Tracing carbon footprints

•What, for example, is the carbon footprint of a single activity from start to finish? We have the Bureau of Energy Efficiency, but we also need overall carbon efficiency that looks beyond electronics. How could intelligent interventions be made for reduction of footprints, along with common sense, and practical public health interventions which are unaccounted for so far? In a recent case in the National Green Tribunal it was revealed that the National Thermal Power Corporation did not even cover coal wagons with tarpaulin on railways, decades after environmental clearances were granted in 1999, in Chhattisgarh. In 2020, the Supreme Court passed an order directing for the wagons to be covered within a month’s time.
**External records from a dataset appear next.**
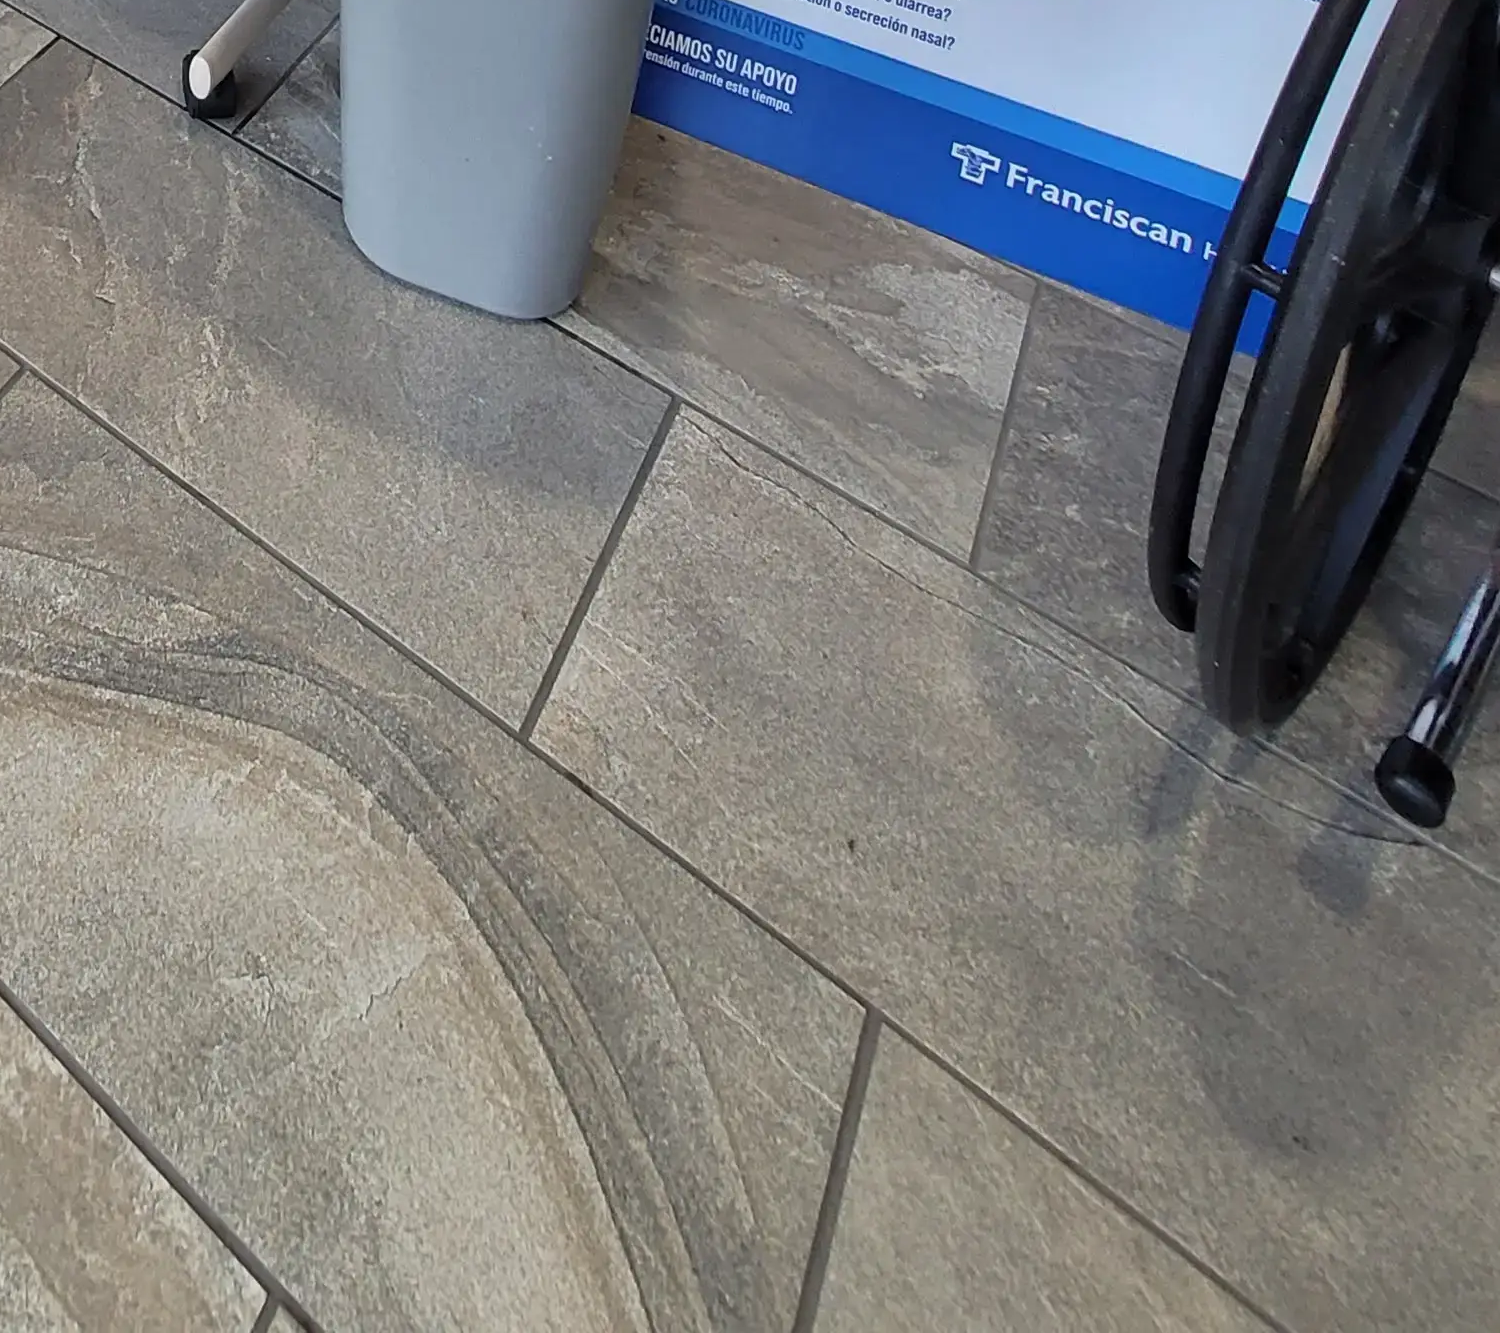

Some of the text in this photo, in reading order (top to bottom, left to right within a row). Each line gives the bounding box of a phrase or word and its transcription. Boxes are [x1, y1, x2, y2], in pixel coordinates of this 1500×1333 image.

[834, 1, 841, 11] o
[845, 5, 907, 34] secreción
[911, 27, 954, 49] nasal?
[715, 49, 737, 72] SU
[740, 59, 796, 94] APOYO
[1006, 162, 1191, 252] Franciscan
There will be eventual emissions by coal use. But there is also the issue of respirable coal dust that is spewed into the air through irresponsible transportation.

•As of now, many environmental mediations remain glaringly haphazard. The ban on plastic bags in Delhi is a failure because plastic bag substitutes were never really pushed at scale by the understaffed environment department. A plastic bag ban to succeed in one State requires a similar commitment from neighbouring States. A nation-wide intervention here, led by a Climate Commission, considering substitutes at scale for plastic-based products (which are derived from petroleum) and looking at both innovation and implementation, would be useful.

Need for accountability

•Second, we need a system of liability and accountability at short-, medium- and long-term levels as we face hazards. This also means having a legally enforceable National Climate Change Plan that goes beyond just policy guidelines. Are climate vagaries acts of god, or do certain actions exacerbate them? In an order of the National Green Tribunal in 2016, the court examined the damage caused when floods occurred in 2013 in Pauri, Uttarakhand. When Srinagar dam (Uttarakhand) opened its sluice gates, muck created 8-foot tall deposits, destroying property and fields.
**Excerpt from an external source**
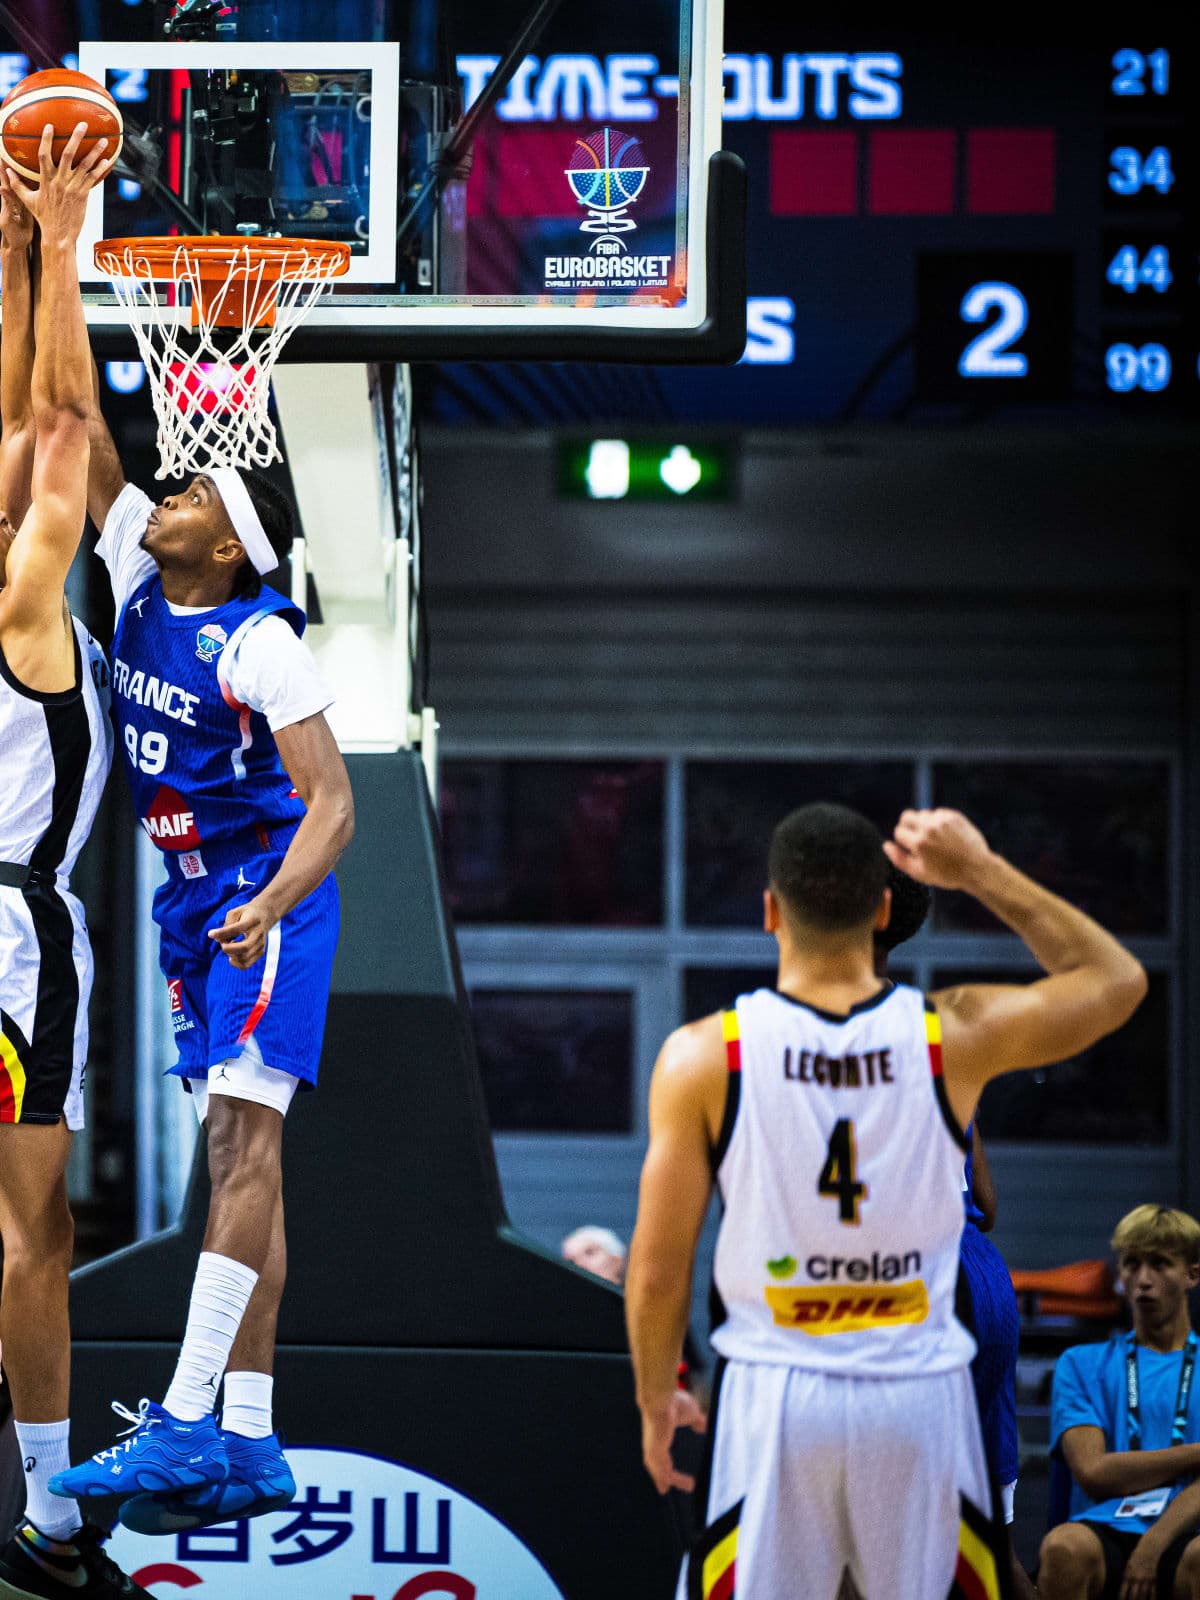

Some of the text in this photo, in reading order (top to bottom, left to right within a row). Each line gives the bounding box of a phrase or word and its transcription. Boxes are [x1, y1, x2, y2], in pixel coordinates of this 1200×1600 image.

•While muck is not hazardous, the handling of the dam — especially in a mountainous area in the face of climate events — created serious damage. The court held the damage was not an ‘Act of God’ and invoked the Principle of No Fault liability. The Alaknanda Hydro Power Company was asked by the Tribunal to pay more than ₹9 crore in damages. But all this was after the disaster. A Climate Commission could ideally prevent such gross negligence in fragile areas and fix accountability if it arises.

•We have an urgent moral imperative to tackle climate change and reduce its worst impacts. But we also should Indianise the process by bringing in a just and effective law — with guts, a spine, a heart, and, most importantly, teeth.